***** AVAILABLE DATA
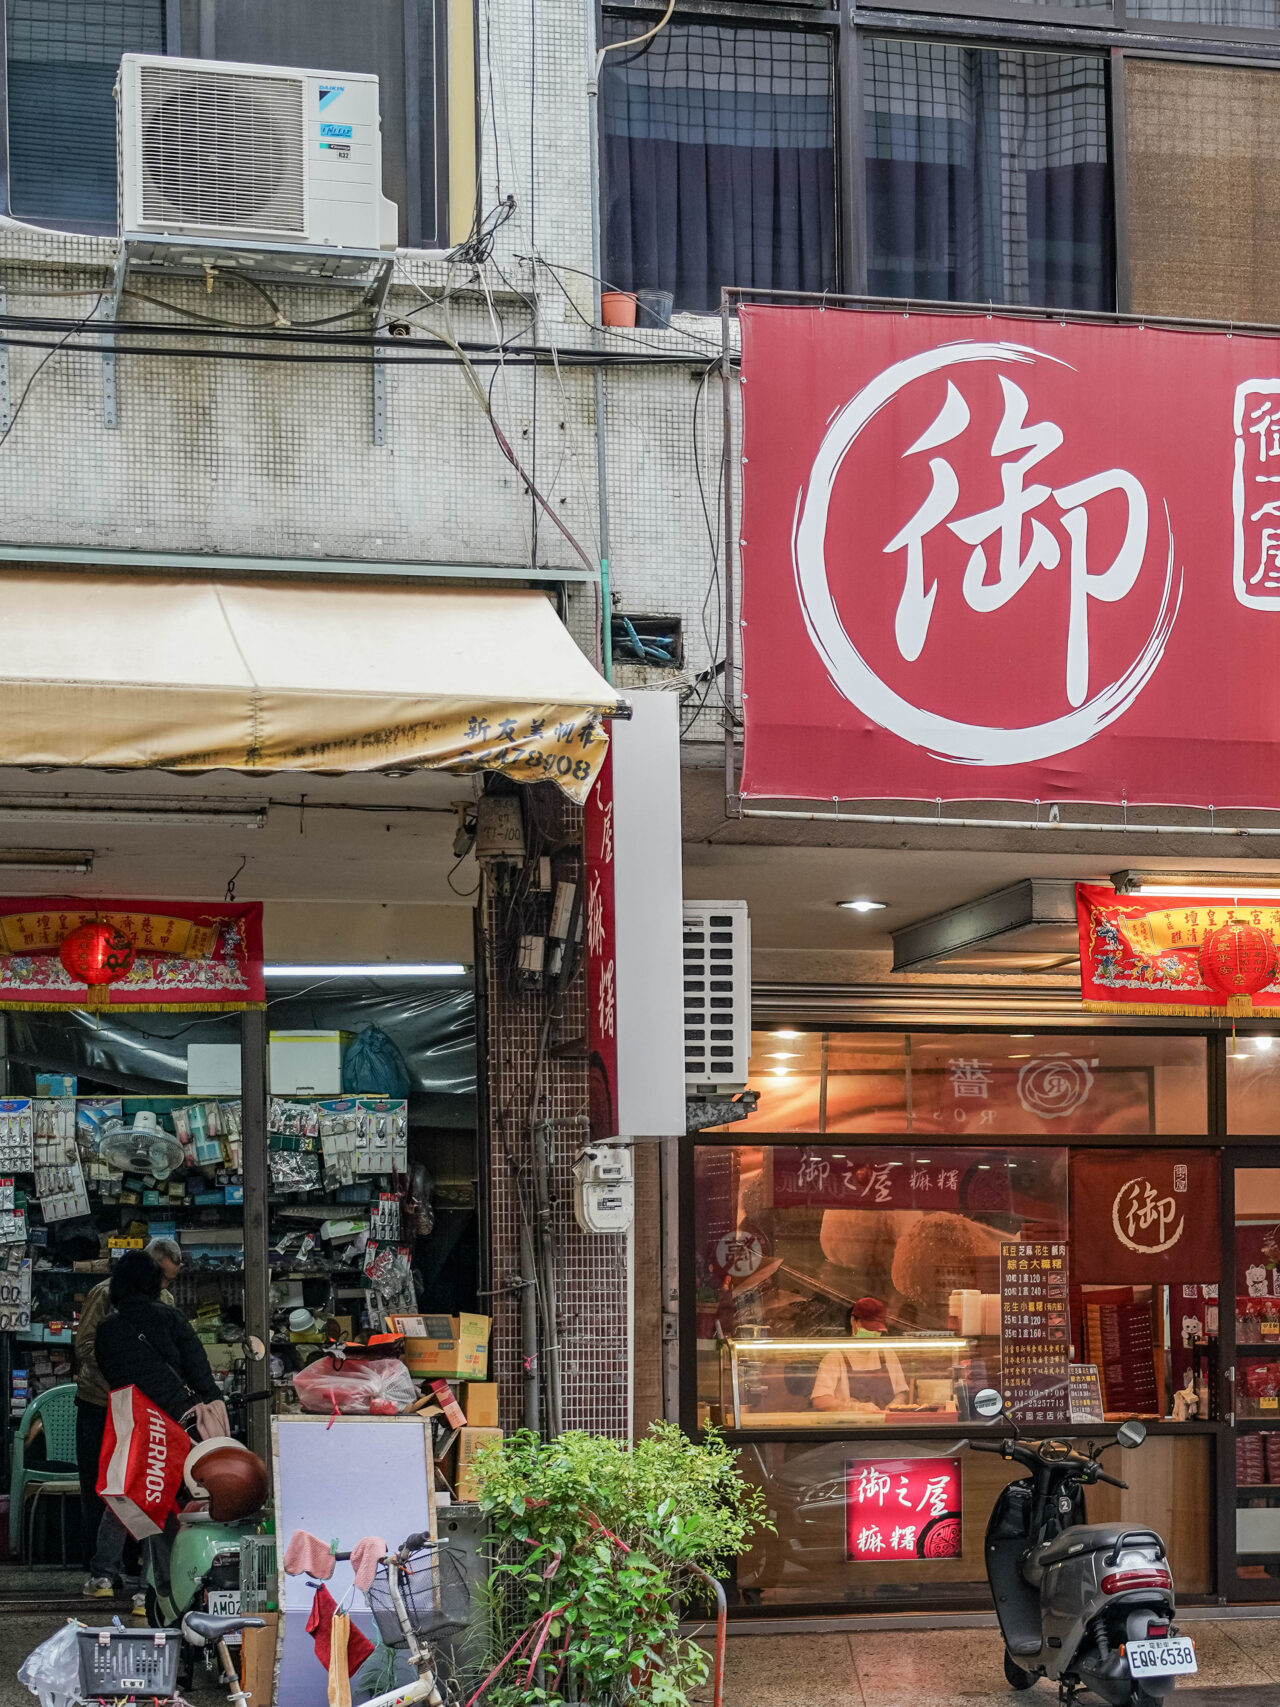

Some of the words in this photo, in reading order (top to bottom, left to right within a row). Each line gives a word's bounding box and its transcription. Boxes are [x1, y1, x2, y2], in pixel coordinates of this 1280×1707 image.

[882, 374, 1149, 708] 御
[1125, 1181, 1176, 1244] 御
[1018, 1245, 1033, 1257] 芝麻
[1035, 1245, 1049, 1256] 花生
[146, 1407, 168, 1504] THERMOS
[857, 1466, 951, 1517] 御之屋
**********
== PROBLEM TO WORK ON ==
Each record above is to be copied exactly. Drop the pictures.

== WRITTEN SOLUTION ==
Some of the words in this photo, in reading order (top to bottom, left to right within a row). Each line gives a word's bounding box and its transcription. Boxes are [x1, y1, x2, y2], in pixel coordinates of this 1280×1707 image.

[882, 374, 1149, 708] 御
[1125, 1181, 1176, 1244] 御
[1018, 1245, 1033, 1257] 芝麻
[1035, 1245, 1049, 1256] 花生
[146, 1407, 168, 1504] THERMOS
[857, 1466, 951, 1517] 御之屋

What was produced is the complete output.